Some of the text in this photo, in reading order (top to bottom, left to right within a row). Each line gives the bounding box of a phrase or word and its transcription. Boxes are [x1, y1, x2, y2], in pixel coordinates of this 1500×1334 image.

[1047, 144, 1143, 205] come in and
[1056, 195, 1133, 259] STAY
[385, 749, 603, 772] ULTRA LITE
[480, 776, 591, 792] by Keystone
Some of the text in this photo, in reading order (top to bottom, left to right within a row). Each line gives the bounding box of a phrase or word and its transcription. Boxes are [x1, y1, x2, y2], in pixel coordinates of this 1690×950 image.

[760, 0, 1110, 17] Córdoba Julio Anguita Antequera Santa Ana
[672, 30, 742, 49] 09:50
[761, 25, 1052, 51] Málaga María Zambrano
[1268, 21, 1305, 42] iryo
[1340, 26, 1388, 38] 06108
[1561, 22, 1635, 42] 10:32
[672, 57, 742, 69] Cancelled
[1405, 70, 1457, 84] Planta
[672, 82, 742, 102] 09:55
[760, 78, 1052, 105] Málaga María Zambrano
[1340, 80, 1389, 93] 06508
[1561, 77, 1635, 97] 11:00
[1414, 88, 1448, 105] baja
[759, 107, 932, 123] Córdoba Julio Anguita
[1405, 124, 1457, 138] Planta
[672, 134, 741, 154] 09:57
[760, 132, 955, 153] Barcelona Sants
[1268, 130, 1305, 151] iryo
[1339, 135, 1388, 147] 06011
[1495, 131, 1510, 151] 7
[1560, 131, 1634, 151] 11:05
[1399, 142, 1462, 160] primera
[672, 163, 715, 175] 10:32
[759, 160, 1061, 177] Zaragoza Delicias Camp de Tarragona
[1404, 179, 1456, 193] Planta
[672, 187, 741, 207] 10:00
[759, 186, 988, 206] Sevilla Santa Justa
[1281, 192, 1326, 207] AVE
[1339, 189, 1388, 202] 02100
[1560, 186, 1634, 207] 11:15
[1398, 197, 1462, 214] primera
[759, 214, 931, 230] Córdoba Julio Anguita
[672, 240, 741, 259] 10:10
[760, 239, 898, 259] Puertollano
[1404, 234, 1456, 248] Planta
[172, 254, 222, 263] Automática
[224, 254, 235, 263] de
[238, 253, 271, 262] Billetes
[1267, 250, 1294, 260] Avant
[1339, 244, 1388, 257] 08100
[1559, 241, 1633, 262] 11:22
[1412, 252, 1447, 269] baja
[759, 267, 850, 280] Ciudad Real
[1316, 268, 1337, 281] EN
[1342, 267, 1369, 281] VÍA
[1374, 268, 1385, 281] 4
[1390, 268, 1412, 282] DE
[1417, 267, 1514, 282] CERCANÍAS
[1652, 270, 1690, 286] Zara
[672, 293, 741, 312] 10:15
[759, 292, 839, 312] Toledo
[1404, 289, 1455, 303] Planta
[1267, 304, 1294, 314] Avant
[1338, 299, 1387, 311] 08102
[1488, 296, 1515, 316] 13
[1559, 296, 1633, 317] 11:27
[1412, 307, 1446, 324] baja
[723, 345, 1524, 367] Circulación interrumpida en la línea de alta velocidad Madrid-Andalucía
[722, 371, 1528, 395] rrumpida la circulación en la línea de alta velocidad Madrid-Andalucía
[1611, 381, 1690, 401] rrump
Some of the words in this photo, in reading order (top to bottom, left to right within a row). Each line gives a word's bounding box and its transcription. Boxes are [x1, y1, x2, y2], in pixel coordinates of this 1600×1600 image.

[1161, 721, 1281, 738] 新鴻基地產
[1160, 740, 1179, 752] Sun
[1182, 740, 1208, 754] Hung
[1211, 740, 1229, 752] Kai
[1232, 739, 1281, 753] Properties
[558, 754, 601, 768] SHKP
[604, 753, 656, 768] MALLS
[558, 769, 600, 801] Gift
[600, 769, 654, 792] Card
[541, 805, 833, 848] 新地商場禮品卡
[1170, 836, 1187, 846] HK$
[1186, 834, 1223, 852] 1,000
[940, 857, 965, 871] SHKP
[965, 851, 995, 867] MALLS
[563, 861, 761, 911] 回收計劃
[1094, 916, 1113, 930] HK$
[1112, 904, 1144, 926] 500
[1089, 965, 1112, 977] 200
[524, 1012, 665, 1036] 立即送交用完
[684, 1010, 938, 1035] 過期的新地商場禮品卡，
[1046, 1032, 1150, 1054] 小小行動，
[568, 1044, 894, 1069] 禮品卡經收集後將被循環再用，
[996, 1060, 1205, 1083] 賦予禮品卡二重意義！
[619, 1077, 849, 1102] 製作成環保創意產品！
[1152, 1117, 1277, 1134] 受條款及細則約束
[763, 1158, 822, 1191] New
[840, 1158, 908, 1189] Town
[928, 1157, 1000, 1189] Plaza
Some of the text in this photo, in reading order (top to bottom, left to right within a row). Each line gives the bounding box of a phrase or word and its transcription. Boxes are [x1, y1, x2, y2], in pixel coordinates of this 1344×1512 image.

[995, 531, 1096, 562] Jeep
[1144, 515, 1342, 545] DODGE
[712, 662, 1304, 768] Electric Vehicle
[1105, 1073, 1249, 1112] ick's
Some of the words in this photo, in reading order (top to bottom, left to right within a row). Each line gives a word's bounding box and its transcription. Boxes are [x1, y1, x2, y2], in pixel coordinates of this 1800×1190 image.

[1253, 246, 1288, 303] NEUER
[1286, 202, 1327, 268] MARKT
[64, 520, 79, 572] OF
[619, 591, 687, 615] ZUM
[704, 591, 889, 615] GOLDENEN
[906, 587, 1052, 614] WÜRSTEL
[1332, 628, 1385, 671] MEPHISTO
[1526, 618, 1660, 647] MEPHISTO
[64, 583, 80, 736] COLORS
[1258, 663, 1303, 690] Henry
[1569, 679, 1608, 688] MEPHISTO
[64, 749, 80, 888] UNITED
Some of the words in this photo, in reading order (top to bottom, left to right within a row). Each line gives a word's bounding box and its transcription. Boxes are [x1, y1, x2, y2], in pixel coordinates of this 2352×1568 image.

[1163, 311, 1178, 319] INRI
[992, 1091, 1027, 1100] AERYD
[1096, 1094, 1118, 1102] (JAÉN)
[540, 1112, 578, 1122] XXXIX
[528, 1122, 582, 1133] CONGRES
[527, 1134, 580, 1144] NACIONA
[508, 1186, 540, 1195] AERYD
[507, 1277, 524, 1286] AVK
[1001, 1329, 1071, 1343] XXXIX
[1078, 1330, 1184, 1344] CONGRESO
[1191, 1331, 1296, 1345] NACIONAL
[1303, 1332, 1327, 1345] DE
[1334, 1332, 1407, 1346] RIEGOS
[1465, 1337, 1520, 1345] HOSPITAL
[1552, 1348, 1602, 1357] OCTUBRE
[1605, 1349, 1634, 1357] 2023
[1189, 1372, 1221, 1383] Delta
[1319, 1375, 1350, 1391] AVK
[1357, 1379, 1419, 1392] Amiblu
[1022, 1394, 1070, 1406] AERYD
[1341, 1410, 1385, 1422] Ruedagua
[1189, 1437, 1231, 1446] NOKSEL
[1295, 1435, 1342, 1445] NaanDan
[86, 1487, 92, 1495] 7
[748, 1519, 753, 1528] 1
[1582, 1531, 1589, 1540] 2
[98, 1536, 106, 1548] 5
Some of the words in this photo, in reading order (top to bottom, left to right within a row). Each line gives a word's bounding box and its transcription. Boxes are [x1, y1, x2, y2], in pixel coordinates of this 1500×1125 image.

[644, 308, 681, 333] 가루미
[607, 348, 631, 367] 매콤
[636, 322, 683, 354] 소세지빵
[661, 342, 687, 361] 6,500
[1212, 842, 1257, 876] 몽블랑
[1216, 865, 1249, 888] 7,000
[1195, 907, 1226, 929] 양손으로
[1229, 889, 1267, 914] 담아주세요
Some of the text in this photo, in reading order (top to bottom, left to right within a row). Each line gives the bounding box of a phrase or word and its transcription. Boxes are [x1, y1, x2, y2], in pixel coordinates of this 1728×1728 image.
------------------------------------------------------------
EXERCISE DETAILS =>
Output nothing but the lines from the one containing "this 2352×1568 image." through the last line of the data, exactly as they stand.

RESPONSE BOX =>
Some of the words in this photo, in reading order (top to bottom, left to right within a row). Each line gives a word's bounding box and its transcription. Boxes are [x1, y1, x2, y2], in pixel coordinates of this 2352×1568 image.

[1163, 311, 1178, 319] INRI
[992, 1091, 1027, 1100] AERYD
[1096, 1094, 1118, 1102] (JAÉN)
[540, 1112, 578, 1122] XXXIX
[528, 1122, 582, 1133] CONGRES
[527, 1134, 580, 1144] NACIONA
[508, 1186, 540, 1195] AERYD
[507, 1277, 524, 1286] AVK
[1001, 1329, 1071, 1343] XXXIX
[1078, 1330, 1184, 1344] CONGRESO
[1191, 1331, 1296, 1345] NACIONAL
[1303, 1332, 1327, 1345] DE
[1334, 1332, 1407, 1346] RIEGOS
[1465, 1337, 1520, 1345] HOSPITAL
[1552, 1348, 1602, 1357] OCTUBRE
[1605, 1349, 1634, 1357] 2023
[1189, 1372, 1221, 1383] Delta
[1319, 1375, 1350, 1391] AVK
[1357, 1379, 1419, 1392] Amiblu
[1022, 1394, 1070, 1406] AERYD
[1341, 1410, 1385, 1422] Ruedagua
[1189, 1437, 1231, 1446] NOKSEL
[1295, 1435, 1342, 1445] NaanDan
[86, 1487, 92, 1495] 7
[748, 1519, 753, 1528] 1
[1582, 1531, 1589, 1540] 2
[98, 1536, 106, 1548] 5
Some of the words in this photo, in reading order (top to bottom, left to right within a row). Each line gives a word's bounding box and its transcription. Boxes are [x1, y1, x2, y2], in pixel coordinates of this 1500×1125 image.

[644, 308, 681, 333] 가루미
[607, 348, 631, 367] 매콤
[636, 322, 683, 354] 소세지빵
[661, 342, 687, 361] 6,500
[1212, 842, 1257, 876] 몽블랑
[1216, 865, 1249, 888] 7,000
[1195, 907, 1226, 929] 양손으로
[1229, 889, 1267, 914] 담아주세요
Some of the text in this photo, in reading order (top to bottom, left to right within a row). Each line gives the bounding box of a phrase or word and its transcription. Boxes are [x1, y1, x2, y2], in pixel coordinates of this 1728×1728 image.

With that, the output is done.